I’m using Optix-SDK-5.1.1-linux64.

When looking at the optixTutorial demo, I noticed that if I moved the camera_eye back and changed the vfov so that the field of view should be roughly the same, the further away I got, the noisier the image was.

Is there some kind of global world extents that I’m violating? Or perhaps something else I may be missing?

My example takes tutorial3 and compares against the demo as is vs a camera_eye that is:
2x, 5x, 10x, 50x, 100x, 1,000x, and 10,000x times further away from the look_at position.

The noise becomes visible at about 50x, and it really bad at 10,000x.

This is outside my area of expertise. However, based on what you describe about the effect and my general knowledge of fixed-point and floating-point computation for graphical environments, this would appear to be a consequence of limited granularity in the underlying data representation. Accumulated error (e.g. from rounding or truncation) turns into visible noise when one reaches the precision limits of the underlying data formats.

You could confirm or refute this hypothesis by switching the underlying data representation to double precision, use of which would make the artifacts disappear if my hunch is correct (they would re-appear when even more extreme viewpoints are used, however). No idea whether Optix offers such an option.
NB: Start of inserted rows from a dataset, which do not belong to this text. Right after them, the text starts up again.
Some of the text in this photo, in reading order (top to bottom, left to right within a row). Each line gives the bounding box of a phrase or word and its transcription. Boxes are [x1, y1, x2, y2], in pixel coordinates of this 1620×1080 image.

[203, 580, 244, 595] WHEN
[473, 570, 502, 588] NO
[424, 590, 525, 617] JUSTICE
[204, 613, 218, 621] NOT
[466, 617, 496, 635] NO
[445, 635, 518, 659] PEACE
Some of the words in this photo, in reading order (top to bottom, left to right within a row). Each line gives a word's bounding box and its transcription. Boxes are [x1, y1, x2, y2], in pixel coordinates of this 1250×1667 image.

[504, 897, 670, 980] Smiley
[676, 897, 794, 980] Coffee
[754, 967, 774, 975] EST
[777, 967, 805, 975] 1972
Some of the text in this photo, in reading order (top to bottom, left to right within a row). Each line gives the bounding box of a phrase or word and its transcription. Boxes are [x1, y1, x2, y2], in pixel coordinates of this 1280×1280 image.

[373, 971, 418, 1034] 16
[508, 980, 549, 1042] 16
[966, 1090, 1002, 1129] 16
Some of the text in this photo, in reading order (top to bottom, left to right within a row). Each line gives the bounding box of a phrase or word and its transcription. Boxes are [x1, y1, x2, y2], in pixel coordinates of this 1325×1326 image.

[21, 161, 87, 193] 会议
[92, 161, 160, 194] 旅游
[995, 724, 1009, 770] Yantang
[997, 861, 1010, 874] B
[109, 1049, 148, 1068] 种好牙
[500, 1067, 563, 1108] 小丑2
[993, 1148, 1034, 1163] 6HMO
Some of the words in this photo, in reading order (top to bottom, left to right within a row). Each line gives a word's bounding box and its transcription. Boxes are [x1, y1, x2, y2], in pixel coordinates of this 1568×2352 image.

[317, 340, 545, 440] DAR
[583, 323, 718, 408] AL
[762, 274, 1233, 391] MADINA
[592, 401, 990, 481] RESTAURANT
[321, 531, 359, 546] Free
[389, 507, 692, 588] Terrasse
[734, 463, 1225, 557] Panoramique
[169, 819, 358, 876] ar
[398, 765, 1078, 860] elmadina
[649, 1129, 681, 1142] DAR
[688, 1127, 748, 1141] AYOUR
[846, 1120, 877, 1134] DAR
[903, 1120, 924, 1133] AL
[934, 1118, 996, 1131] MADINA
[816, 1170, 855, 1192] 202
I may have run into z-fighting. The final images look better when I switch to a scene_epsilon of 1e-1 instead of 1e-4.

You may wish to ask optix questions on the optix forum.

What Robert Crovella said.

I was not aware that Optix, or raytracing in general, makes use of classical z-buffering. Z-fighting is just one example of what happens when one reaches the precision limits of a given data representation.

The underlying numerical issue is typically that when adding a small delta to a number large in magnitude, the result either shows no change, or the change appears somewhat random because this delta change is approximately equal to the numeric format’s resolution (i.e. is at the rounding limit). The banding in your picture is indicative of such granularity/rounding effects. Using a larger scene_epsilon presumably results in bigger delta changes (away from the resolution limit).

Thanks for looking into it. My apologies for posting in the wrong forum.

Moved to OptiX forum.
This is not really z-fighting from coplanar faces. This is shadow acne from self-intersections with the primitive the shadow ray started from.
Find more details in the thread you linked to above.